Memory in Quarantine

There’s a thing going around Facebook during the quarantine about posting a landscape picture of a place you’ve been without yourself in the photo.


There are many things I could post that are beautiful. Maybe not all landscapes. But beautiful places I've been, beautiful things I've seen.


A story told out of order, out of time. I carry these places with me still. I remember where the shop is that scoops slices of gelato and molds them into flower petals so that you can enjoy a chocolate flower if you want. And I remember the screaming laughter and smell of popcorn on the Santa Cruz boardwalk.


When I saw everyone posting their landscape photos, I don’t know why my first thought was of the FIAP (especially since it’s not a landscape).
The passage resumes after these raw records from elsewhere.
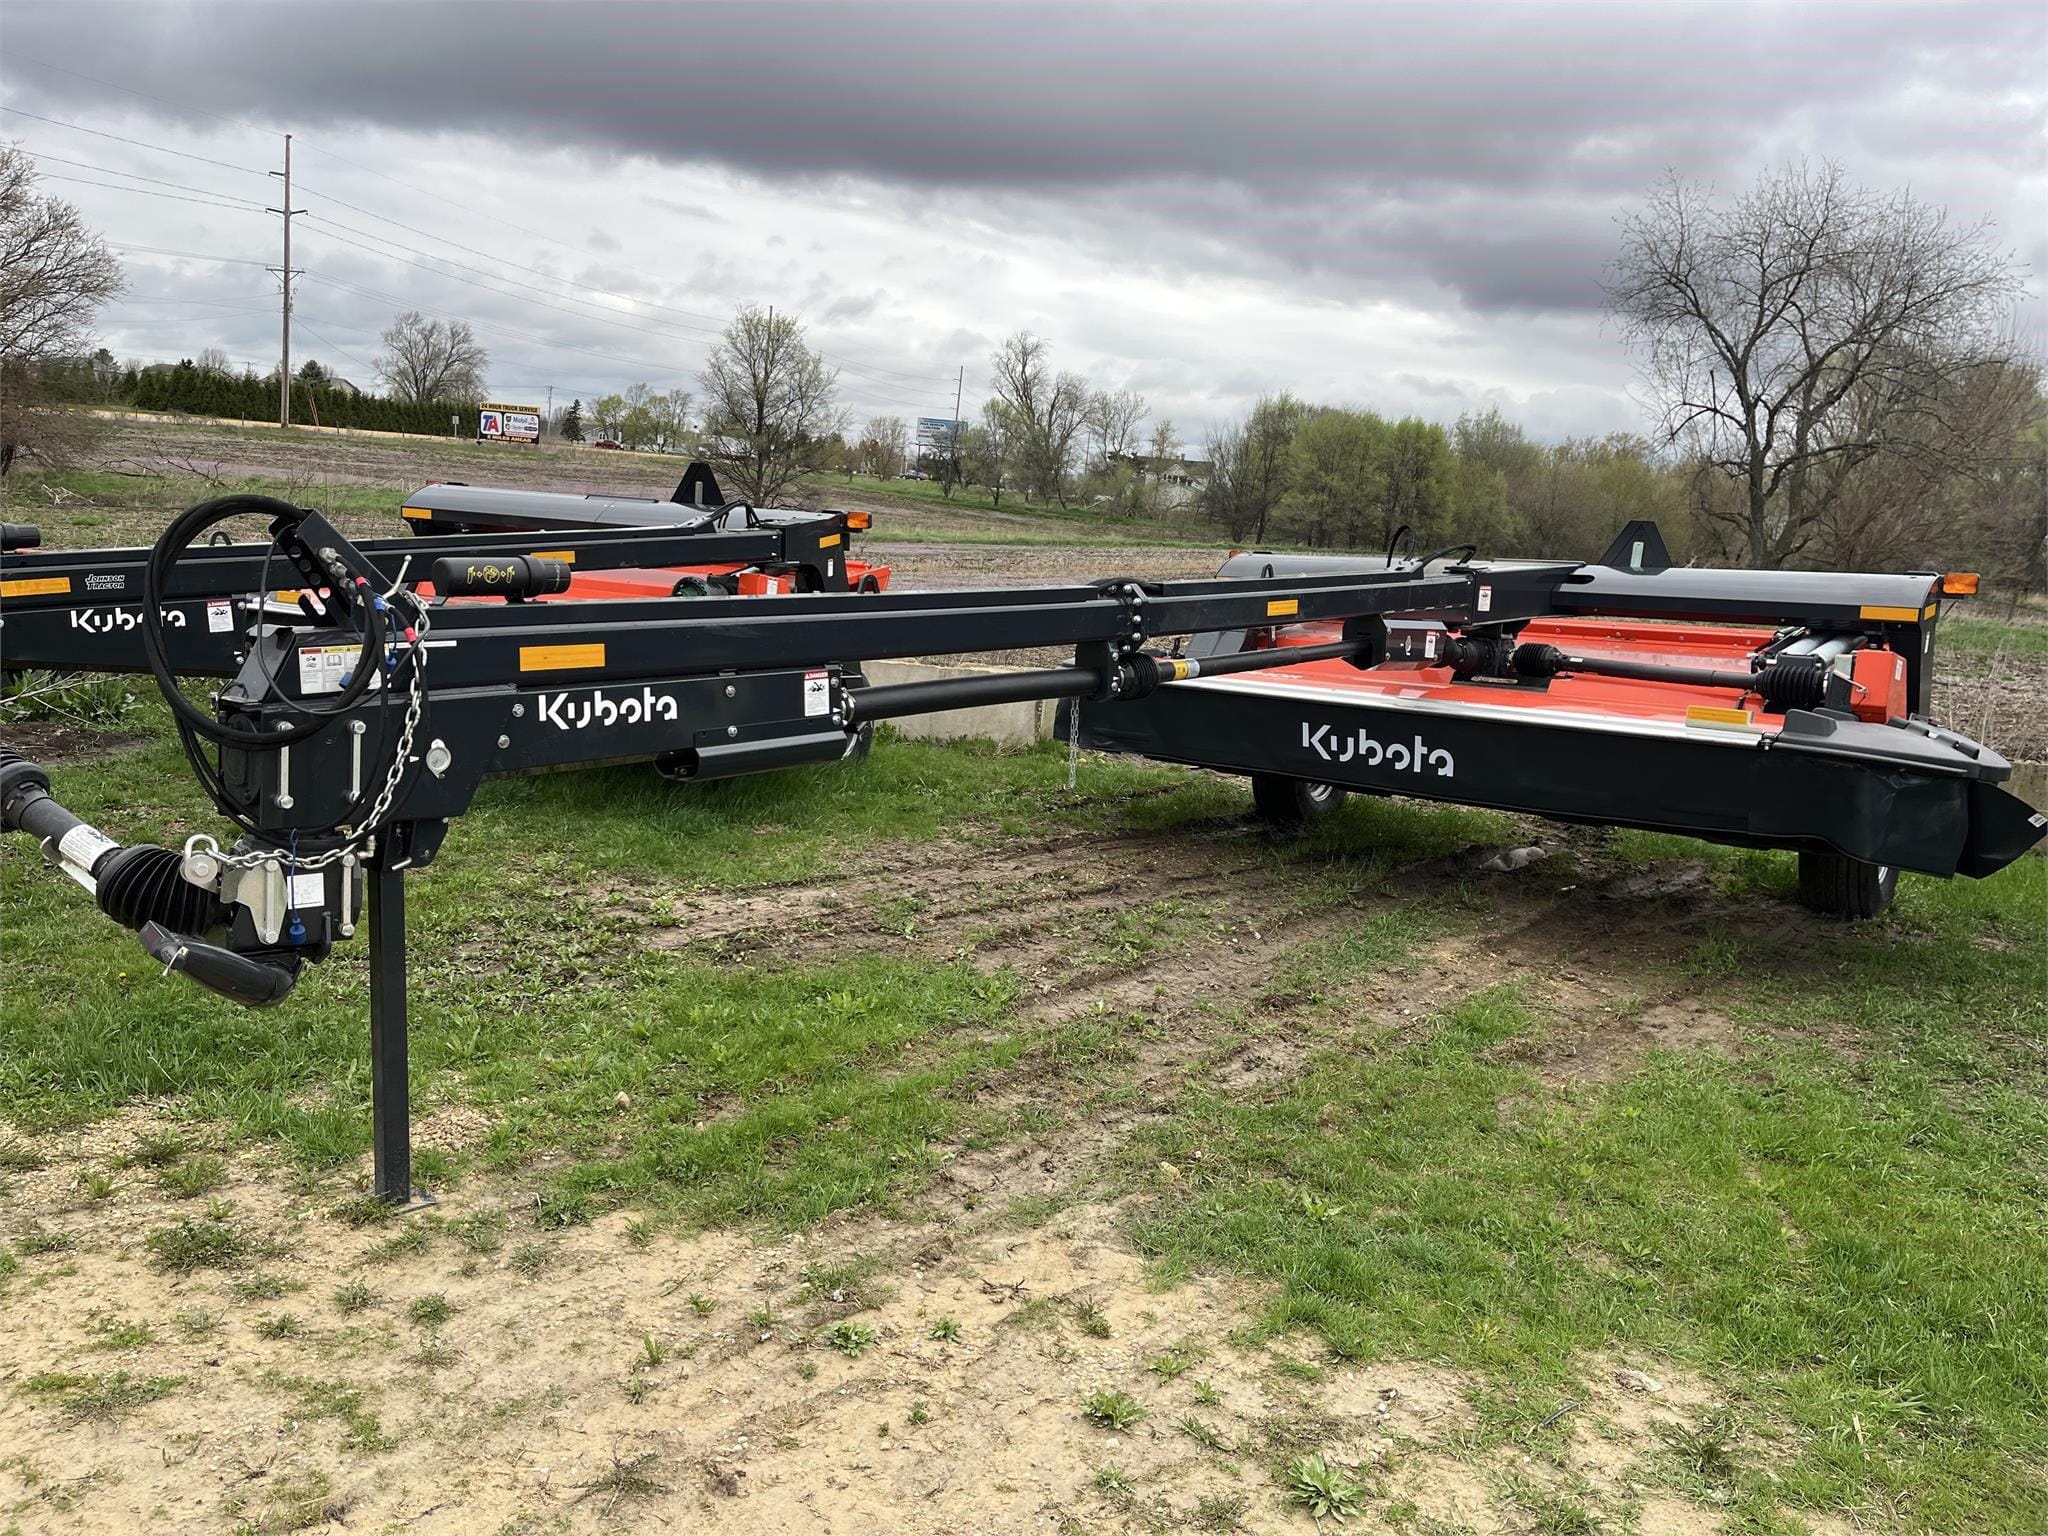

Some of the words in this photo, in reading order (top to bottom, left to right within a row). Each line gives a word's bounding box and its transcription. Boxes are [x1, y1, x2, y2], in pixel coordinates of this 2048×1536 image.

[483, 415, 499, 433] TA
[513, 416, 528, 424] Mobil
[85, 573, 125, 582] JOHNSON
[87, 582, 125, 590] TRACTOR
[538, 686, 678, 730] Kubota
[1302, 721, 1454, 778] Kubota
But I have been thinking often of the FIAP, and how I miss it. (Yep, that’s what it’s called—pronounced FEE-APP just like you’d think. Yep, the letters are in all-caps as if it were an acronym, and no, I haven’t a clue if it is an acronym or not. There are many mysteries at the FIAP.) The FIAP is not only not a landscape, but it's not particularly beautiful, either.
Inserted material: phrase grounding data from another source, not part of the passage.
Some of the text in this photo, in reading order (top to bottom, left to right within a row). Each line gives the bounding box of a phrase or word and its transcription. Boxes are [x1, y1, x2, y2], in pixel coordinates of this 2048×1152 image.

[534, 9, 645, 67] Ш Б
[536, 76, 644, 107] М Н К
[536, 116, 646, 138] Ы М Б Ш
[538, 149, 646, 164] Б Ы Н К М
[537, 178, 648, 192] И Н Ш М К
The FIAP Jean Monnet, 30 Rue Cabanis, Paris, France. My home for one glorious month. The FIAP is tucked away on a back street in a quiet neighborhood, the 14th arrondissement. I’m sure some would complain that the streets were sleepy and unglamorous, but I loved my time there. The Glacière métro station was a quick walk away when I wanted Parisian glamour and tourism.
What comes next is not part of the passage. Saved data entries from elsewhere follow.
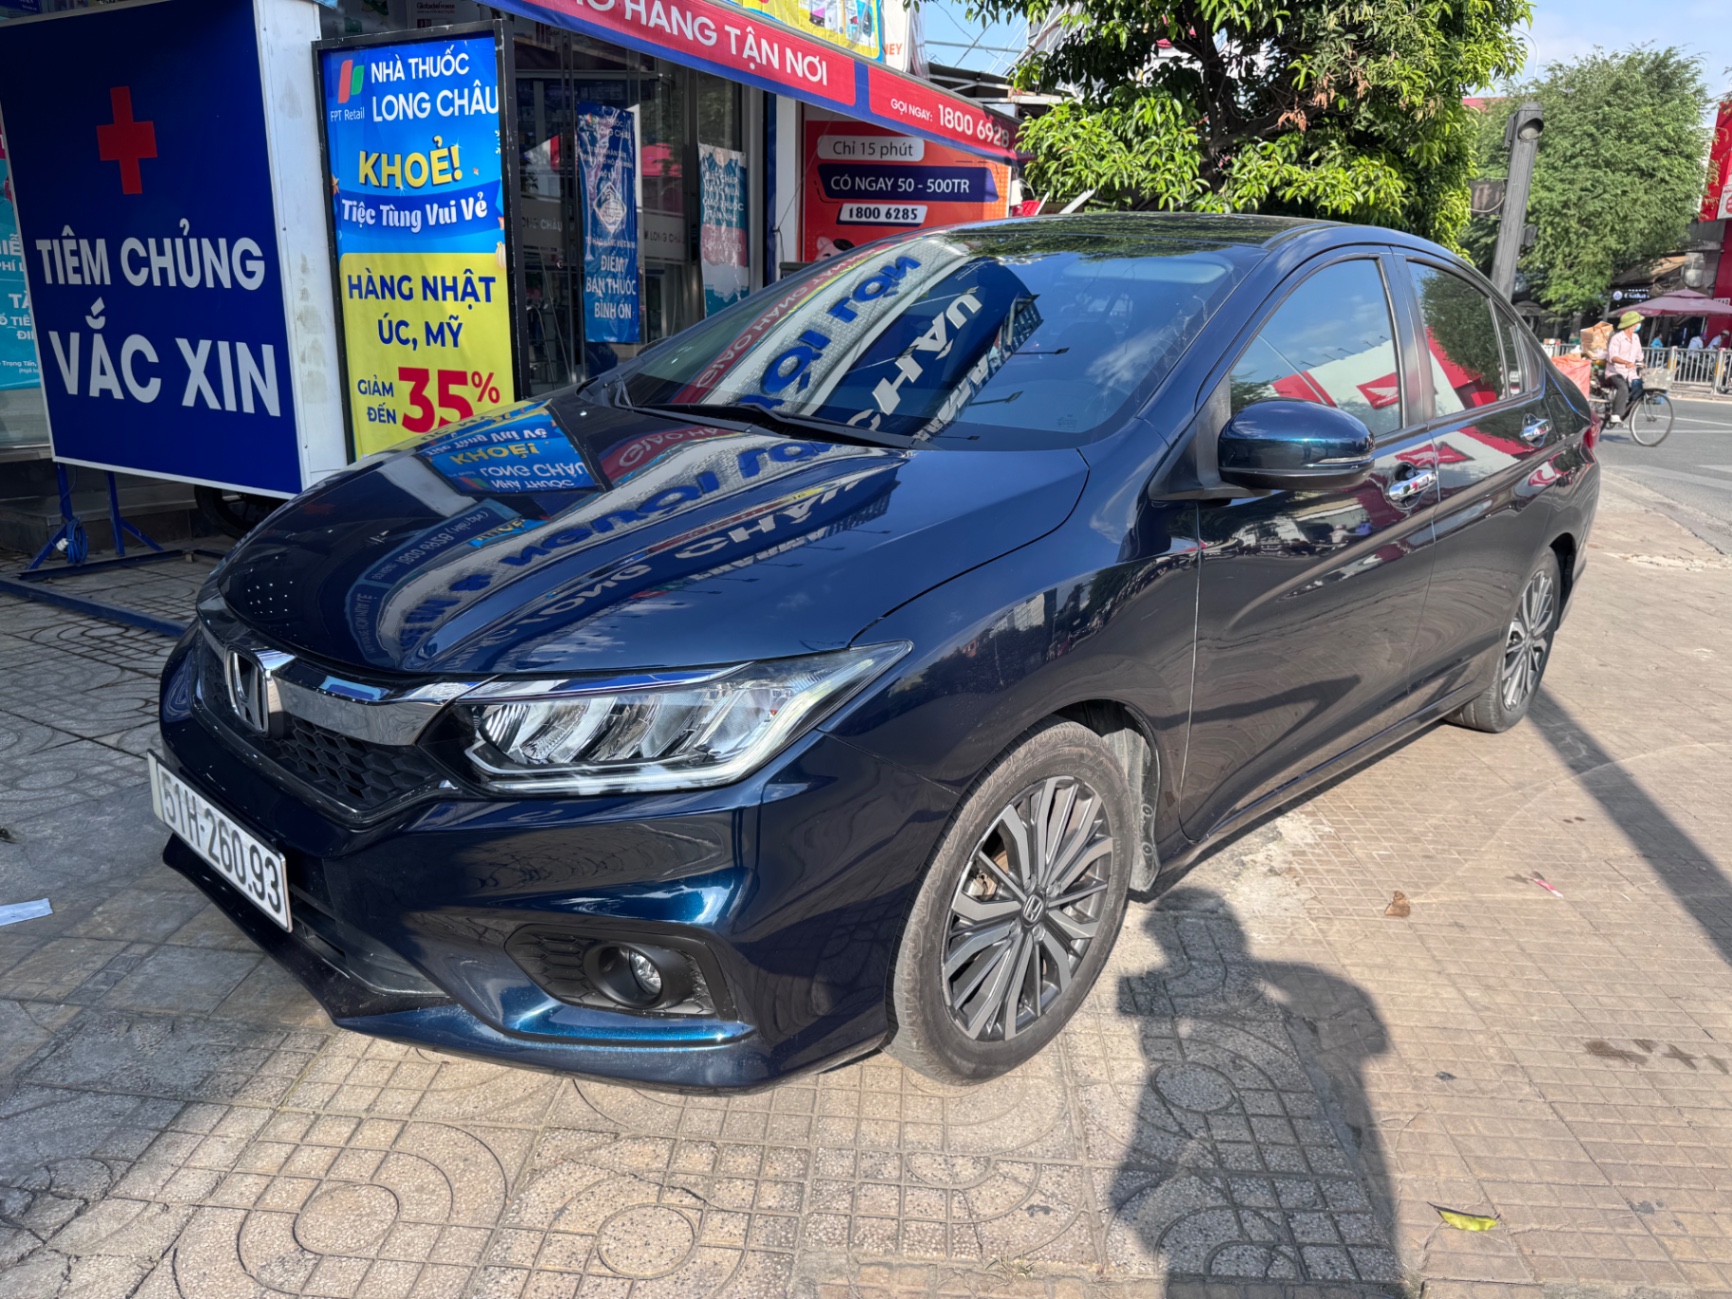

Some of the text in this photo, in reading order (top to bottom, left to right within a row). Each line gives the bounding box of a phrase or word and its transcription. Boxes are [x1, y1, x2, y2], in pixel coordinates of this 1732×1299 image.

[371, 45, 470, 84] NHÀ THUỐC
[724, 25, 780, 70] TẬN
[785, 47, 828, 86] NƠI
[330, 106, 365, 122] FPT Retail
[372, 79, 499, 123] LONG CHÂU
[890, 98, 908, 116] GỌI
[937, 103, 974, 136] 1800
[976, 119, 1010, 148] 6928
[358, 135, 463, 188] KHOẺ!
[832, 140, 914, 159] Chỉ 15 phút
[830, 176, 853, 191] CÓ
[855, 177, 894, 192] NGAY
[897, 177, 915, 193] 50
[926, 178, 970, 193] 500TR
[341, 191, 488, 233] Tiệc Tùng Vui Vẻ
[848, 207, 919, 221] 1800 6285
[35, 219, 266, 291] TIÊM CHỦNG
[347, 267, 496, 310] HÀNG NHẬT
[377, 312, 463, 351] ÚC, MỸ
[48, 296, 282, 417] VẮC XIN
[357, 374, 394, 397] GIẢM
[398, 366, 501, 434] 35%
[366, 402, 397, 424] ĐẾN
The breakfasts at the FIAP weren’t my style, so every morning I would get a packet of madeleines from the vending machine. This may sound like a complaint, but it is not. I liked getting my madeleines and sitting in the glassed-in lounge in a weird modern plastic chair looking at the courtyard and writing. (A quick look online tells me this part of the FIAP has been renovated and changed—still weird and geometric and modern, but different.)

I have been thinking of the FIAP and my time abroad and my morning madeleines a lot lately. The small, simple things.


The things I miss that have gone.

Maybe I miss my morning madeleines at the FIAP because I was so much younger then, and so very expansively happy, and my life seemed so incredibly wide open. Everything felt touched with a little sparkle of wonderment. That is not to say that I hadn’t had sorrow and loss and setback; I’d had so, so much of that. But then the clouds parted, finally. I’d overcome so much and traveled so far to get there, much farther than mere geographical distance. And I’d gotten there.


Everything felt touched with a little bit of magic luster.

Even the FIAP's weird geometric chairs. Even my vending machine madeleines.